Asked about this, Camp suggests that nothing is as valuable as investors who have founded companies. He argues that Expa’s particular advantage is that its partners were very recently founding and, in some cases, currently running businesses.
Partner Vítor Lourenço previously helped start the Envoy work platform; Milun Tesovic, his partner, founded Cmd, the security startup that Elastic later acquired. Camp is himself CEO of several still stealth companies.
Furthermore, there are only a limited number of companies whose founders can claim credit for helping launch a company as transformative as Uber – a company that is so prominent in popular culture that entire books have been written about him — not to mention this new Showtime anthology series centered on his famously dramatic rise.

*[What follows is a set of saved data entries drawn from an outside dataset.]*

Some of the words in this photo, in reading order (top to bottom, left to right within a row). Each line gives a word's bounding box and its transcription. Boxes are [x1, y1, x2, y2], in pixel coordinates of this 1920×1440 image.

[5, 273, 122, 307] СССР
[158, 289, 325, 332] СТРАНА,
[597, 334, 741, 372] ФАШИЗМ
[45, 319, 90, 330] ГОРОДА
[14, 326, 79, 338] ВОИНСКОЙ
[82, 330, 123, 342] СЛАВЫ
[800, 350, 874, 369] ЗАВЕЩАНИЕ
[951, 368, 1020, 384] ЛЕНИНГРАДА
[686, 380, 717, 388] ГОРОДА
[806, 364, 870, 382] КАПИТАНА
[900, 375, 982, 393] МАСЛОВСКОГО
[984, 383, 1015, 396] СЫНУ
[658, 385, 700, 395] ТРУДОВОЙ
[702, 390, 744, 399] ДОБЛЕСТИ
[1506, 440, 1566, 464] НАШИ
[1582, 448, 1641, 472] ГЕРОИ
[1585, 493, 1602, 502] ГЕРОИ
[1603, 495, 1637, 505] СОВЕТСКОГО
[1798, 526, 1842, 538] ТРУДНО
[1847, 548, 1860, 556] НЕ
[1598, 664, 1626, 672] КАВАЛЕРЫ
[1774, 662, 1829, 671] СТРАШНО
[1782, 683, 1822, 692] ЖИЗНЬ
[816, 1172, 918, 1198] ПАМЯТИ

When asked if Camp was still in contact with Travis Kalanick, who helped him co-found Uber and was its high-profile CEO until his ousting in 2017 – Camp sent the memo that said to the employees that he was out – he says it was “a while.” He notes that Kalanick is “doing pretty well” with his new company, CloudKitchens. (When asked if he is an investor in the company, which is currently valued at $15 billion, Camp replies that he is not.)

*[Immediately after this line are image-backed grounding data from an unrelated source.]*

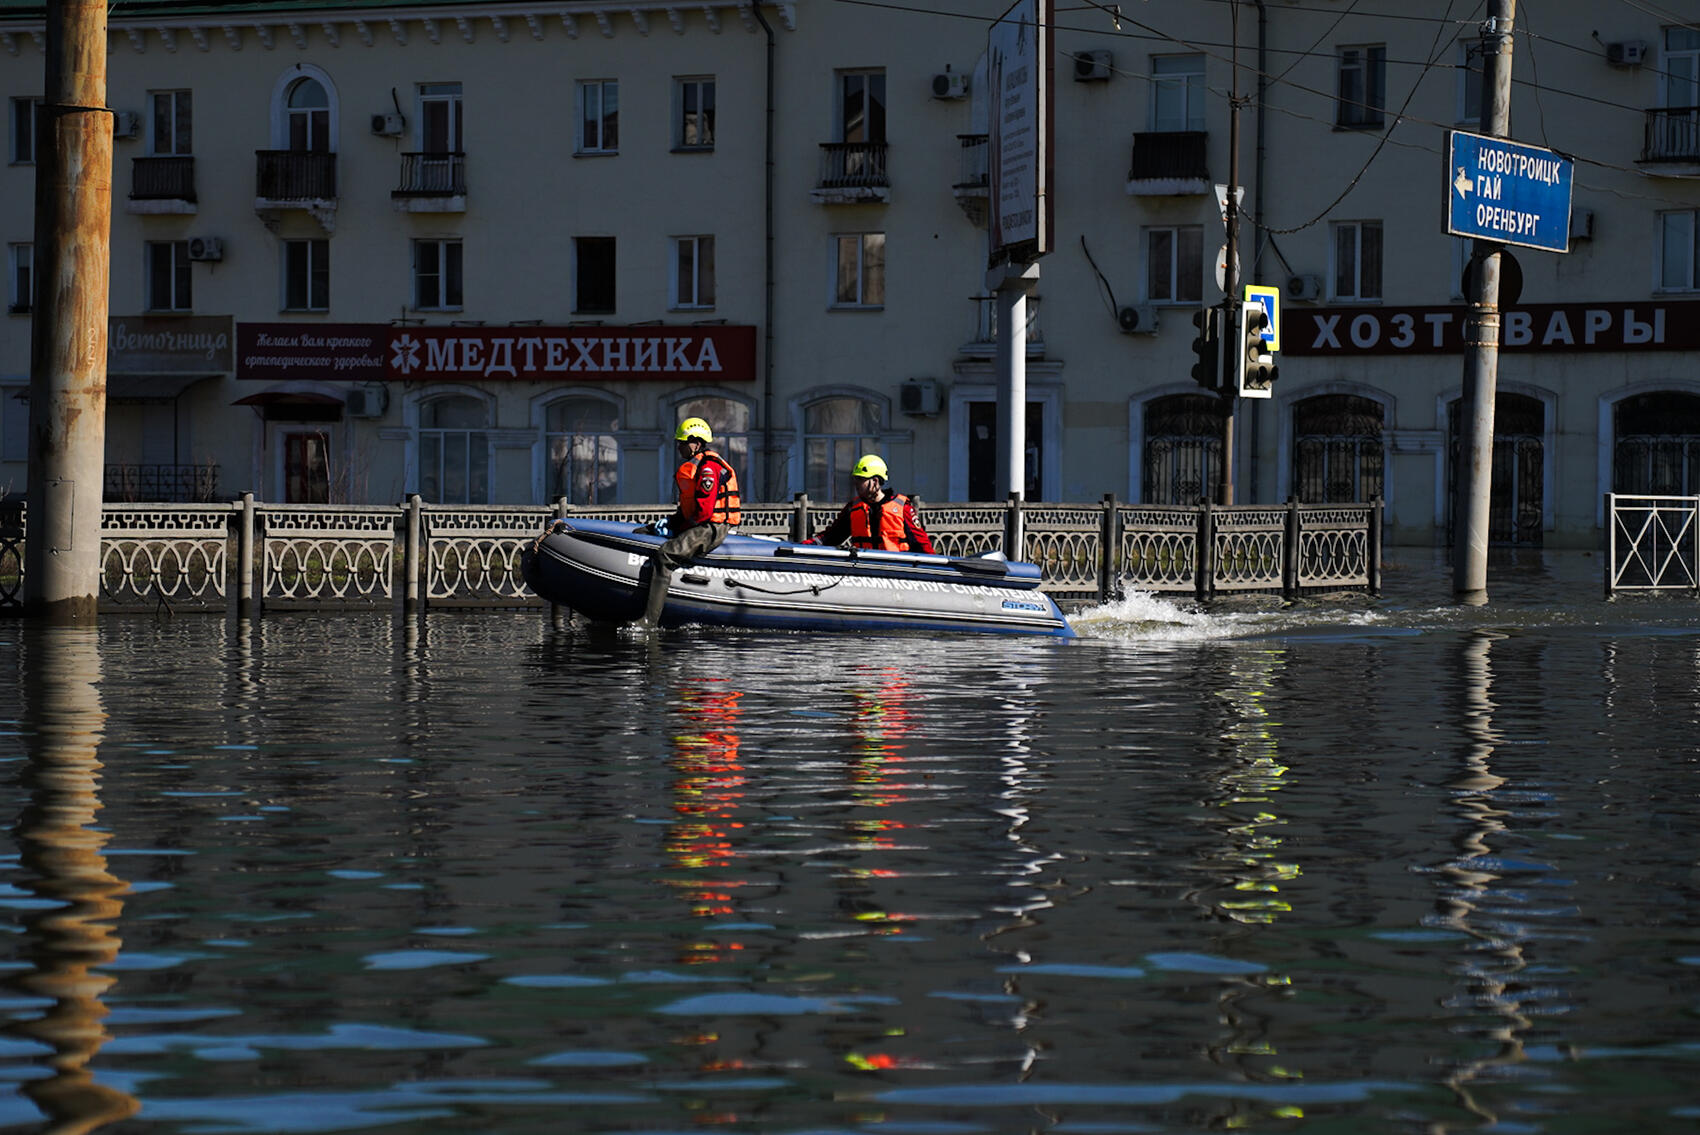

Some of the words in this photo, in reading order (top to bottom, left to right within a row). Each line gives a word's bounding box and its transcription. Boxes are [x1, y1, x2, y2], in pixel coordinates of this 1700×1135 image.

[1478, 147, 1561, 186] НОВОТРОИЦК
[1477, 174, 1502, 200] ГАЙ
[1476, 204, 1540, 236] ОРЕНБУРГ
[256, 333, 299, 347] Желаем
[300, 333, 325, 347] Вам
[327, 336, 372, 350] крепкого
[1311, 309, 1666, 349] ХОЗТВАРЫ
[245, 355, 331, 369] ортопедического
[333, 353, 384, 370] здоровья!
[425, 337, 723, 377] МЕДТЕХНИКА
[628, 552, 770, 581] ВСССИЙСКИЙ
[890, 578, 950, 593] КОРПУС

Uber founding CEO Travis Kalanick. Picture credits: Getty Images / Elijah Nouvelage
As to whether he’s read those books or watches the show, Camp — who served on Uber’s board until 2020 but was never actively involved in its management — says he has met with longtime business reporters Brad Stone and Adam Lashinsky about their respective books involving Uber and that he participated in them but did not read them. He adds that “there are one or two other [books] that I do not have [read or participated in].” (New York Times reporter Mike Isaac is the author of the book “Super Pumped” on which the Showtime series is based.)
Regarding the TV show, he says he watched the first episode, calling it “so inaccurate. The timing is off. They put so much emphasis on certain things,” including the swanky office where Uber is headquartered on the show. Camp acknowledges that Uber’s actual headquarters in San Francisco — a few blocks from where the Golden State Warriors play — is pretty slick, but he notes that the company’s early days were far less glamorous.
“I was thinking [the show] could be a bit closer to ‘The Social Network’ where it was a bit more specific,” says Camp, who thinks he’ll “probably” watch the show more. Maybe when he finds more time. (He still hasn’t seen HBO’s “Silicon Valley,” he says.)
Right now, he’s still busy building his empire. Indeed, when I tell Camp that his trajectory since our first meeting sometimes amazes me, he laughs. “I didn’t expect that either.”